Distribution of superparamagnetic Au/Fe nanoparticles in an isolated guinea pig brain with an intact blood brain barrier

Abstract

Diagnosis and treatment of brain disorders, such as epilepsy, neurodegenerative diseases and tumors, would benefit from innovative approaches to deliver therapeutic or diagnostic compounds into the brain parenchyma, with either a homogeneous or a targeted localized distribution pattern. To assess the mechanistic aspect of penetration of nanoparticles (NPs) into the brain parenchyma, a complex, yet controlled and facilitated environment was used: the isolated guinea pig brain maintained in vitro by arterial perfusion. In this unique preparation the blood–brain barrier and the interactions between vascular and neuronal compartments are morphologically and functionally preserved. In this study, superparamagnetic Au/Fe nanoparticles (MUS:OT Au/Fe NPs), recently studied as a promising magnetic resonance T2 contrast agent with high cellular penetration, were arterially perfused into the in vitro isolated brain and showed high and homogeneous penetration through transcytosis into the brain parenchyma.

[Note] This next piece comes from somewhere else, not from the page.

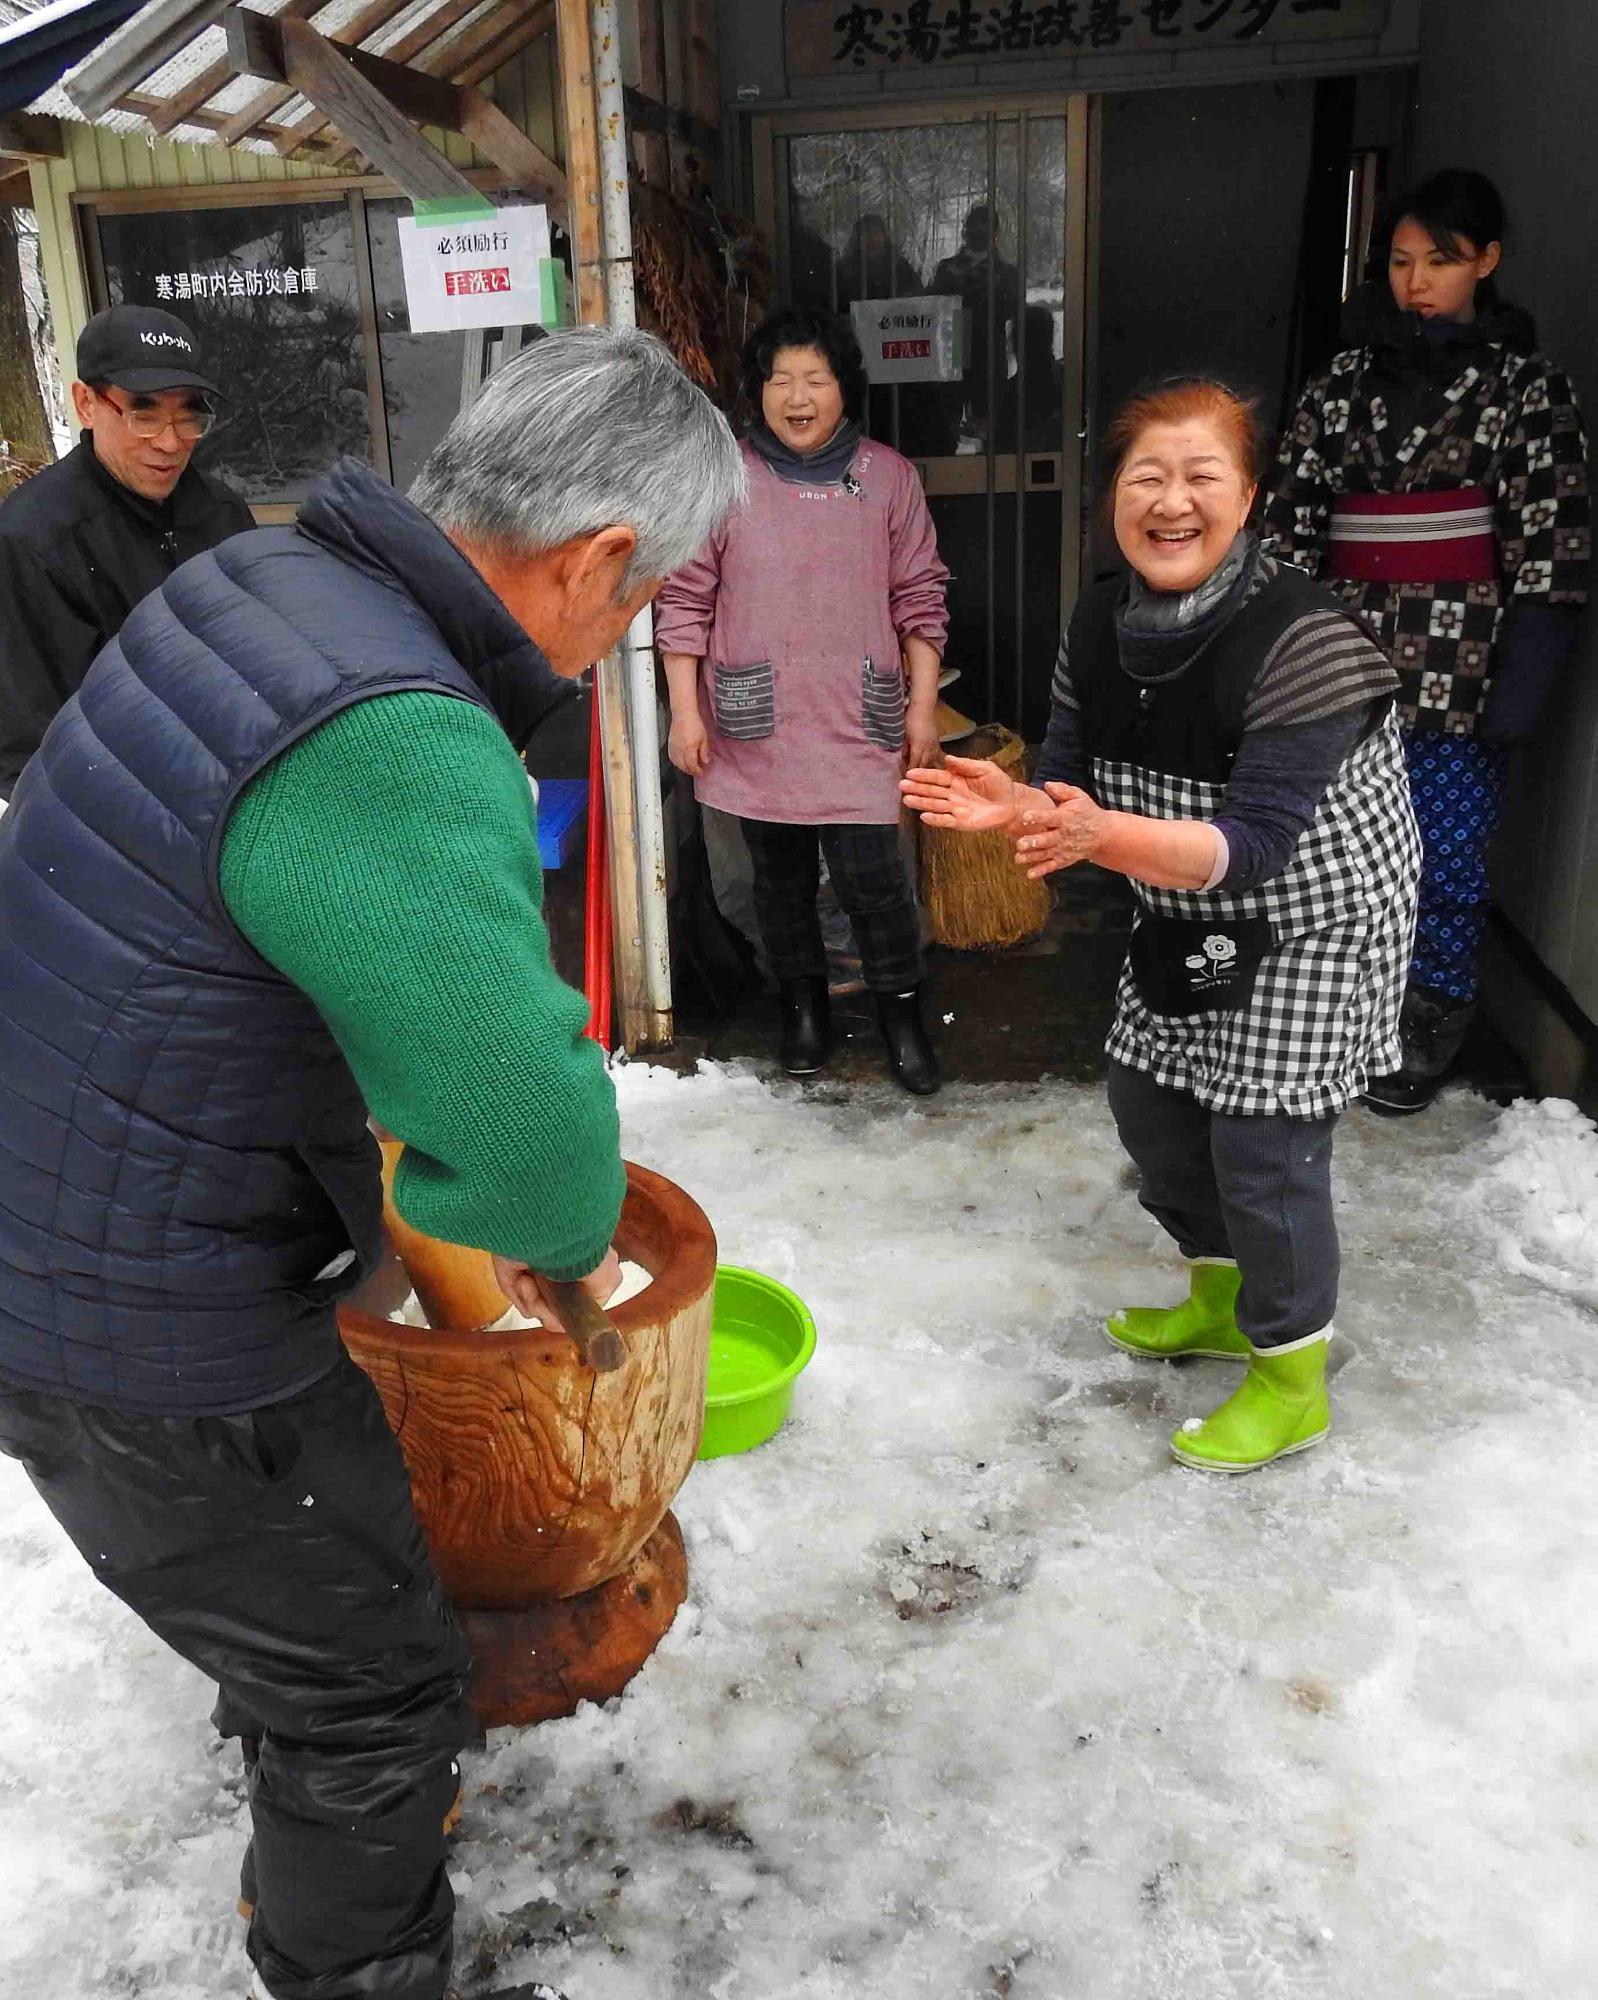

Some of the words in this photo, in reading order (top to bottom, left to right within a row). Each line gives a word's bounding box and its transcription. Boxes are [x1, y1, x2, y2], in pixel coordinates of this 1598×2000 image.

[437, 231, 508, 255] 必須励行
[155, 266, 319, 301] 寒湯町内会防災倉庫
[446, 269, 510, 295] 手洗い

Ultramicroscopy investigation of the in vitro isolated brain sections by TEM analysis of the electron-dense core of the MUS:OT Au/Fe NPs was conducted to understand NPs’ brain penetration through the BBB after in vitro arterial perfusion and their distribution in the parenchyma. Our data suggest that MUS:OT Au/Fe NPs enter the brain utilizing a physiological route and therefore can be exploited as brain penetrating nanomaterials with potential contrast agent and theranostics capabilities.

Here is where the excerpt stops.